Best known today as the author of Faust, Johann Wolfgang von Goethe (1749-1832) first exploded into the public consciousness with The Sorrows of Young Werther when he was twenty-four . He was already a respected poet by then; and in addition to these forms, he wrote travelogues, autobiographical sketches, essays, letters, and proverbs in rhyme and prose. This collection offers outstanding examples of each genre from the great German writer's prolific career. The poems range in theme from youthful romantic obsessions to mature reflections on life. "The Erl-King" and "The Sorcerer's Apprentice" appear among the ballads, and his fiction in this collection includes the entire text of Werther and passages from Wilhelm Meister's Apprenticeship and other works. Other writings feature observations on travel in Italy, criticism of the works of Shakespeare and Byron, and letters to friends and family. These sensitive translations by Sir Walter Scott, Stephen Spender, Thomas Carlyle, and others were specially selected by the Nobel laureate and giant of modern German literature, Thomas Mann, who provides an informative introduction.
A master of poetry, drama, and the novel, German writer and scientist Johann Wolfgang von Goethe spent 50 years on his two-part dramatic poem Faust, published in 1808 and 1832, also conducted scientific research in various fields, notably botany, and held several governmental positions.
George Eliot called him "Germany's greatest man of letters... and the last true polymath to walk the earth." Works span the fields of literature, theology, and humanism. People laud this magnum opus as one of the peaks of world literature. Other well-known literary works include his numerous poems, the Bildungsroman Wilhelm Meister's Apprenticeship and the epistolary novel The Sorrows of Young Werther.
With this key figure of German literature, the movement of Weimar classicism in the late 18th and early 19th centuries coincided with Enlightenment, sentimentality (Empfindsamkeit), Sturm und Drang, and Romanticism. The author of the scientific text Theory of Colours, he influenced Darwin with his focus on plant morphology. He also long served as the privy councilor ("Geheimrat") of the duchy of Weimar.
Goethe took great interest in the literatures of England, France, Italy, classical Greece, Persia, and Arabia and originated the concept of Weltliteratur ("world literature"). Despite his major, virtually immeasurable influence on German philosophy especially on the generation of Georg Wilhelm Friedrich Hegel and Friedrich Wilhelm Joseph von Schelling, he expressly and decidedly refrained from practicing philosophy in the rarefied sense.
Influence spread across Europe, and for the next century, his works inspired much music, drama, poetry and philosophy. Many persons consider Goethe the most important writer in the German language and one of the most important thinkers in western culture as well. Early in his career, however, he wondered about painting, perhaps his true vocation; late in his life, he expressed the expectation that people ultimately would remember his work in optics.

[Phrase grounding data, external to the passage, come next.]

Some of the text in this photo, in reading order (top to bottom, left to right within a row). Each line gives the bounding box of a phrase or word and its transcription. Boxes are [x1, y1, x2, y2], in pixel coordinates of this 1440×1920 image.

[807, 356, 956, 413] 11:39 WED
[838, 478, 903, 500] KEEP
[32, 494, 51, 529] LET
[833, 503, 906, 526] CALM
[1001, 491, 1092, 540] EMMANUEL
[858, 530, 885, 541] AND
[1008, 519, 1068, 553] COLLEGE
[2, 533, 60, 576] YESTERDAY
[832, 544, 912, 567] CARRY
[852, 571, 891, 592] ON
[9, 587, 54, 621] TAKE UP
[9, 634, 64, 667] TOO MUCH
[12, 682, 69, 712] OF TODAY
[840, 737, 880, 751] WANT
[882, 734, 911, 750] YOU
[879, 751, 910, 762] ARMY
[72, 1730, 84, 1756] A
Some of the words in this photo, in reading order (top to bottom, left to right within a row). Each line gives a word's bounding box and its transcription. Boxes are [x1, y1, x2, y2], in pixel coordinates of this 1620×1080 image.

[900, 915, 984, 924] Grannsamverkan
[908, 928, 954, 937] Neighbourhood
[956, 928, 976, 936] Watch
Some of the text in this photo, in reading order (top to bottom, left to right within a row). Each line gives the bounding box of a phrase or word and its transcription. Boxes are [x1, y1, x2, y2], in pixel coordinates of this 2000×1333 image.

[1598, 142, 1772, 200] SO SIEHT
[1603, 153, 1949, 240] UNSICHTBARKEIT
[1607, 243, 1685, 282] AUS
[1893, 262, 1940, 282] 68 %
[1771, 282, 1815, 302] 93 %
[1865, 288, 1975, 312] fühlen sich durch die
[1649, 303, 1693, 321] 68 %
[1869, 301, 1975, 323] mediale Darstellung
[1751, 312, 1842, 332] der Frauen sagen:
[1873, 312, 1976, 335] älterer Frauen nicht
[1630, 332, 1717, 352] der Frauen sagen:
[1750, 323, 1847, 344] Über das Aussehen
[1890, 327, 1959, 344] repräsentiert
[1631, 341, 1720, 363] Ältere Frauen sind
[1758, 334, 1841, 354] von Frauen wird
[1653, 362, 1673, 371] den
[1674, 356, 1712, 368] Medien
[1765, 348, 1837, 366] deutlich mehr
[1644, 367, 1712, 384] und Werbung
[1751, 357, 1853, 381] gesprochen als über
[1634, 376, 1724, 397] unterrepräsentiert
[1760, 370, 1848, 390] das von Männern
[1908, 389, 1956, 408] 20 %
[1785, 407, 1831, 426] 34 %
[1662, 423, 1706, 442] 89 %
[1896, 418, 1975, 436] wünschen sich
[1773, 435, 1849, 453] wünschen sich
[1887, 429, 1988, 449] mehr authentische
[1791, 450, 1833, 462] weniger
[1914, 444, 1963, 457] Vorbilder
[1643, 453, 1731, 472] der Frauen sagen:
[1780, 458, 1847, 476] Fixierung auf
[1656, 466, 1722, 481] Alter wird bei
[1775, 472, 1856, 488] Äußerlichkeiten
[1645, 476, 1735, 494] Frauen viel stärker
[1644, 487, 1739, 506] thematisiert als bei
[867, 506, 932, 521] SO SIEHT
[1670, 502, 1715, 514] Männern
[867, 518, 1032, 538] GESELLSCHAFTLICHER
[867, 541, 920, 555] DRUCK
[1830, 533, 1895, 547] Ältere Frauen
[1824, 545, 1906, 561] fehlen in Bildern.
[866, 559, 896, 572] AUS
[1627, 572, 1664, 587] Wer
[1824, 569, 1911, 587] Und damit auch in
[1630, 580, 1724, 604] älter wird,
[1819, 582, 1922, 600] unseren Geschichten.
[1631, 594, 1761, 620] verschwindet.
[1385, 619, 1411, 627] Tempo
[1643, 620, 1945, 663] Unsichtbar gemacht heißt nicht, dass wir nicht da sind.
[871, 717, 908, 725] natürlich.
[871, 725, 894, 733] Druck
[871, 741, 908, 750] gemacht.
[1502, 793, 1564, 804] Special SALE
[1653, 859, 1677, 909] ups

I usually like Goethe, I don't usually like Thomas Mann, and consistent with the facts, many of these translations are not good at all. Is Thomas Mann just trying to make himself seem better than Goethe? Is he so dazzled by the idea of compiling every English Goethe translation that vaguely follows form and slapping his name on it he can't tell a great or even good translation from a mediocre one? Does he expect the reader to be dazzled by impenetrable translations that exclude much if not all of the substance and don't sound that beautiful but rather obtuse, when the real poems are often dazzling and impenetrable enough without what seems like actual attempts to defraud the reader, and, additionally, are usually uncannily beautiful? While it's three stars because it's Goethe and not completely terrible and somewhat interesting, I would also feel extremely icky giving this to anyone who wasn't already somewhat familiar with both Goethe and Thomas Mann. This book is like those snake firecrackers you set on the ground and light: it's mildly amusing, dangerous for children, and about as reminiscent of feces as it is a mystical fire snake.
It seems too obvious to state that Goethe, like Emerson, was ahead of his time. Yet if we hurry up and slow down, we can catch up with them and not stomp nature and our potential underfoot!